Lucy Minden ’22 described how misleading glorified, curated social media can be. “A lot of it has to do with seeing pictures online, of other people and their friends and parties that they weren’t invited to, that makes [people] feel that they’re not in the loop,” Minden said. “Whether or not those people were actually having so much fun at college isn’t really the point, but it’s about what you see. You don’t really see people grinding away, doing their work. What you see is the opposite.”

Caught in the “grind” of academic and extracurricular commitments, some students may even feel isolated by their own interests. Ansong explains that at Yale, “it’s easy to feel lonely because everyone is always busy with things that are personal to them; activities that you may be into often aren’t the same as your suitemates or residential college classmates.”

Yale is well aware of this problem of loneliness, and has implemented various measures to offer assistance. First years are notified of resources, from hotlines to counseling, available to them on campus. Walden Peer Counseling, for example, offers anonymous counseling through office walk-ins and a hotline that operates late at night. Of course, they certainly are beneficial measures and it is commendable for students to volunteer their time to counseling their peers. However, the very nature of loneliness and depression may include the inability to reach out and seek help.

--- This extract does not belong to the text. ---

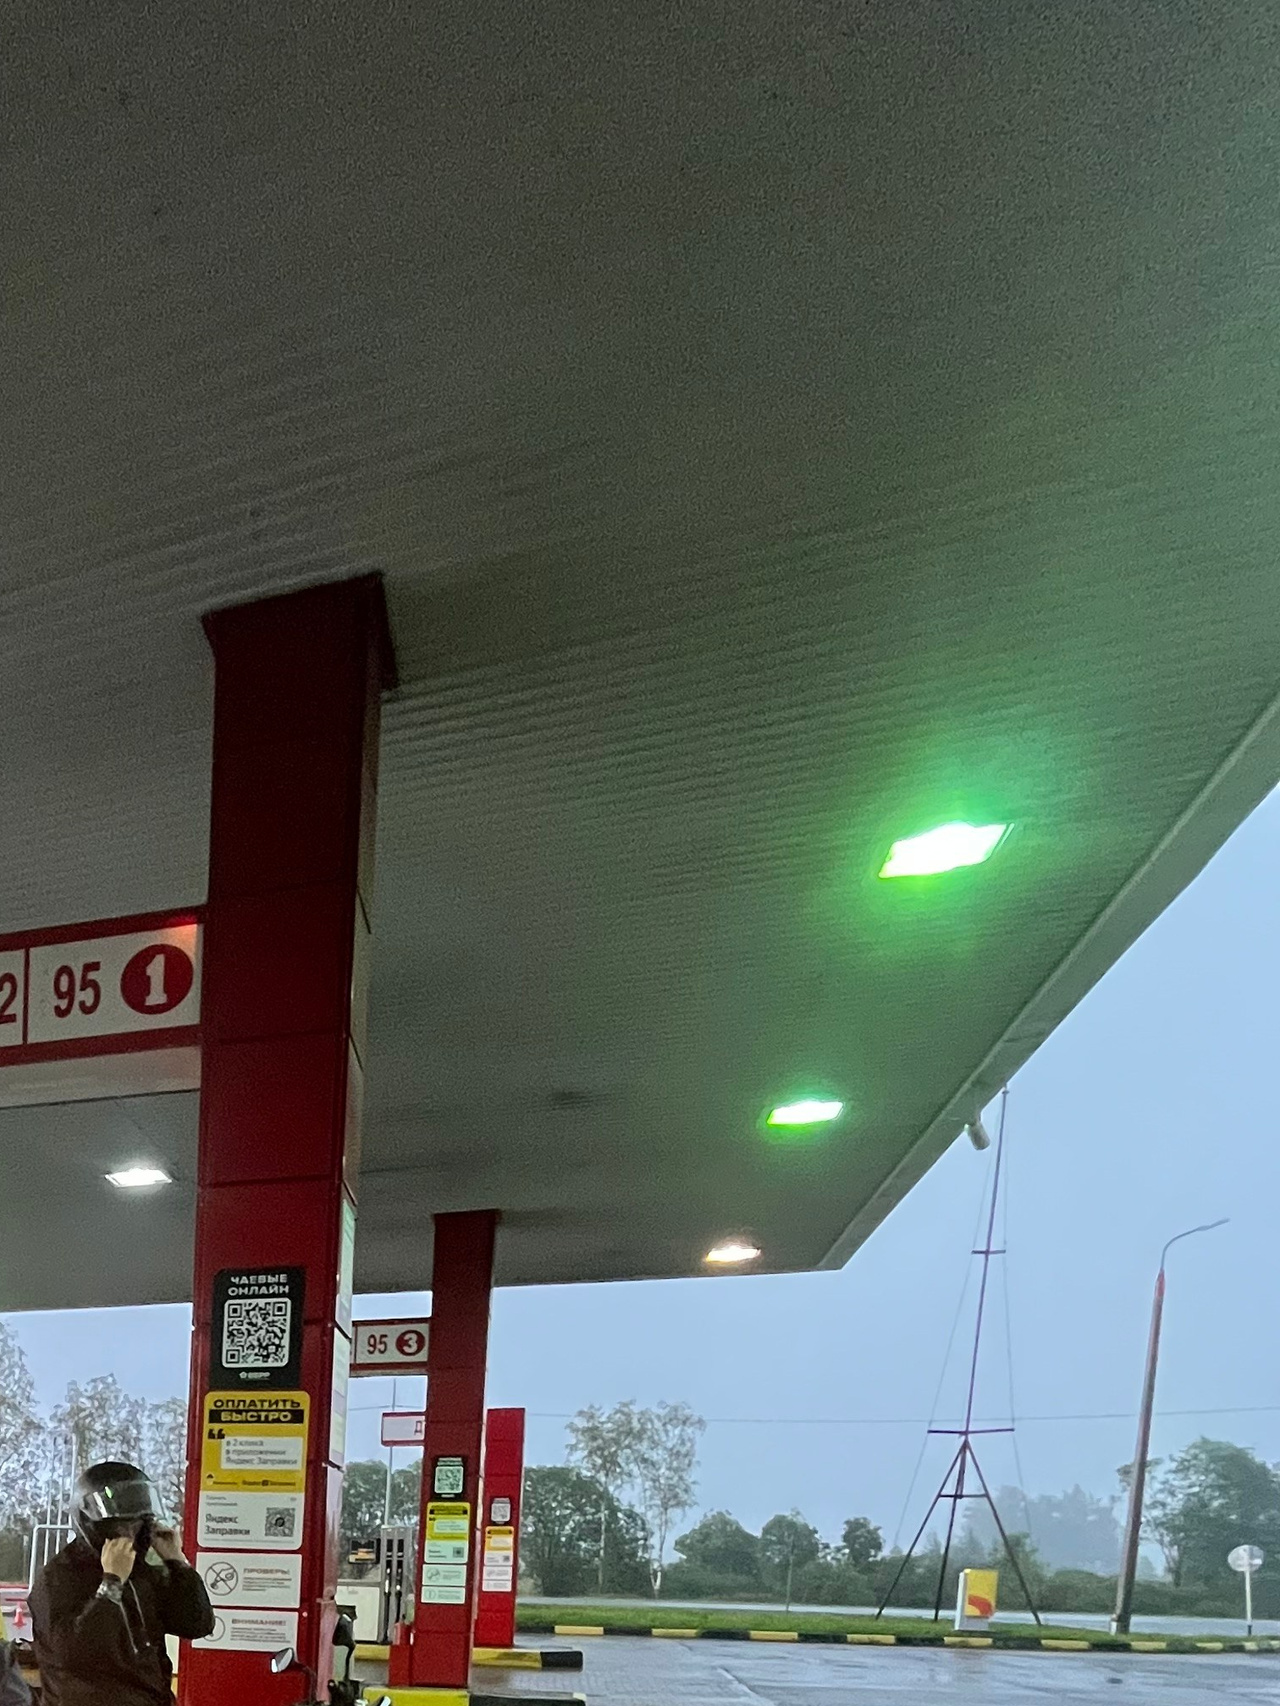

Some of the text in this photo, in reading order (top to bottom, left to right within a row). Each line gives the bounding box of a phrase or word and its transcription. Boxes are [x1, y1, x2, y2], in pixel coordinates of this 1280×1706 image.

Perhaps, resources are not being utilized to their potential because they expect students to reach out first. For those who are already feeling lonely and vulnerable, it can be unbearably difficult to pluck up the courage to sit in front of two complete strangers, whose job is to listen to them, and speak their minds openly and truthfully. It could never be the same as confiding in a close friend, or feel as genuine with the clinical distance.

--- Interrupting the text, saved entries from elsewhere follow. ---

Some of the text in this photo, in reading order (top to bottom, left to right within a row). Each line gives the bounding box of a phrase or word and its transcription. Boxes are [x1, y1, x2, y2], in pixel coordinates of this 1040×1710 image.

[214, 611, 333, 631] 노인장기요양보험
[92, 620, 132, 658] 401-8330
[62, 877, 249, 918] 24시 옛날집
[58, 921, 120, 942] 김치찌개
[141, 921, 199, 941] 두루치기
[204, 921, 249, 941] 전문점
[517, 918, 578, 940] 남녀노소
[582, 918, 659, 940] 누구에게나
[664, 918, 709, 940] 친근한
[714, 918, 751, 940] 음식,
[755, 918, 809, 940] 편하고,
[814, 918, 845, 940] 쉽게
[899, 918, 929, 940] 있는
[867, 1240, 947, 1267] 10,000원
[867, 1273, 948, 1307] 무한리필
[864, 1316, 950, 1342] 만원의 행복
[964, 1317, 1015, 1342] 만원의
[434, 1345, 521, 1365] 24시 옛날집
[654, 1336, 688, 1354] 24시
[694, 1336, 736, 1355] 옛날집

The fear of being lonely is real, but it should not become a fear of being alone. For some inexplicable reason, there seems to be a shameful, even sad, stigma about eating alone in the dining hall, going to dances alone, surviving cuffing season alone. But being alone is not the problem; in fact, it is often a healthy mental break. It may help to try to fall in love with solitude, and be at peace with silence.

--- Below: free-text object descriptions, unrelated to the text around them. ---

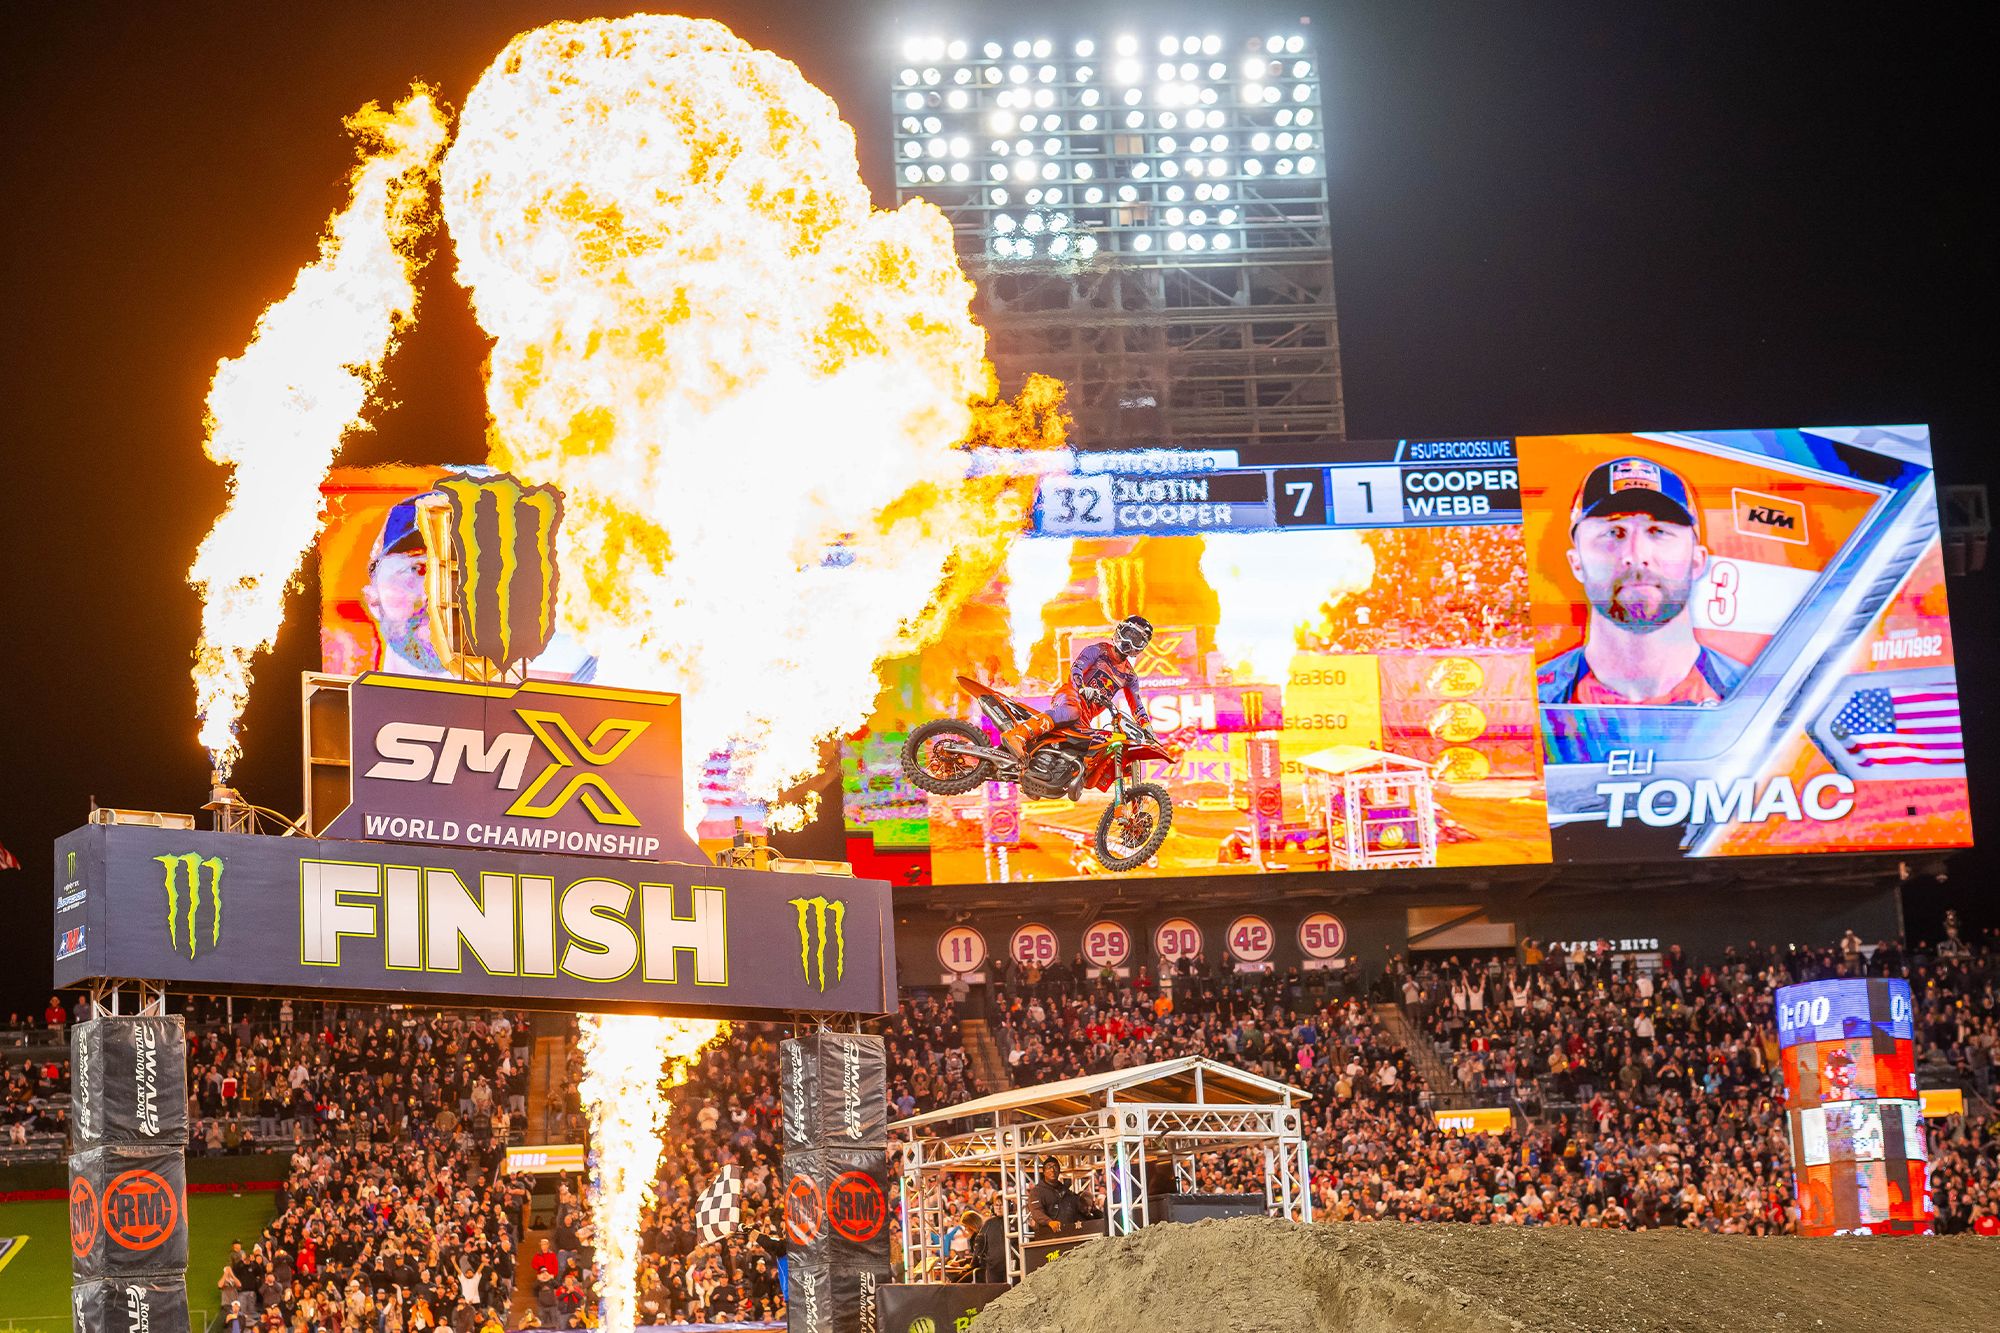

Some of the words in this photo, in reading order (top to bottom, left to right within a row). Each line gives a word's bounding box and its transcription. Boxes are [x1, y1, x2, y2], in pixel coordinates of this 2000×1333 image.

[1411, 441, 1511, 459] #SUPERCROSSLIVE
[1114, 479, 1209, 501] JUSTIN
[1405, 470, 1518, 493] COOPER
[1053, 487, 1101, 523] 32
[1285, 482, 1313, 517] 7
[1358, 482, 1374, 513] 1
[1407, 495, 1490, 517] WEBB
[1118, 503, 1232, 528] COOPER
[1747, 506, 1795, 530] KTM
[1708, 561, 1740, 627] 3
[1872, 635, 1942, 661] 11/14/1992
[364, 708, 652, 827] SMX
[1607, 748, 1653, 776] ELI
[1596, 773, 1855, 828] TOMAC
[366, 814, 459, 842] WORLD
[466, 823, 660, 856] CHAMPIONSHIP
[300, 858, 729, 987] FINISH
[1305, 923, 1339, 948] 50
[951, 937, 972, 963] 11
[1018, 934, 1053, 960] 26
[1090, 932, 1125, 957] 29
[1162, 929, 1196, 954] 30
[1233, 926, 1268, 951] 42
[1620, 938, 1659, 951] HITS
[134, 1025, 145, 1083] MOUNTAIN
[843, 1040, 851, 1093] MOUNTAIN
[136, 1083, 146, 1119] ROCKY
[844, 1093, 852, 1124] ROCKY
[116, 1193, 163, 1227] RM
[839, 1193, 875, 1221] RM
[859, 1271, 867, 1323] MOUNTAIN

Yale students who feel loneliness are far from alone. There exists a one-of-a-kind web of incredible individuals that everyone is a part of at Yale, and it takes time to truly appreciate it. In 2012, Marina Keegan ’12 published “The Opposite of Loneliness,” a viral essay for a special commencement issue of the Yale Daily News, recounting the colorful range of cherished memories and lasting regrets she had experienced at Yale. The essay’s essence can be captured in a single line: “We don’t have a word for the opposite of loneliness, but if we did, I’d say that’s how I feel at Yale.” Keegan died in a car accident shortly after graduating and writing her heartbreakingly optimistic essay. She was 22.

Not everyone at Yale can feel the same way. But at any given time, there lies the possibility, the unknown future, what Keegan called an “immense and indefinable potential energy,” that could change lives overnight and make loneliness feel like a distant memory.

“We’re so young. We’re so young,” Keegan had realized. “We have so much time.”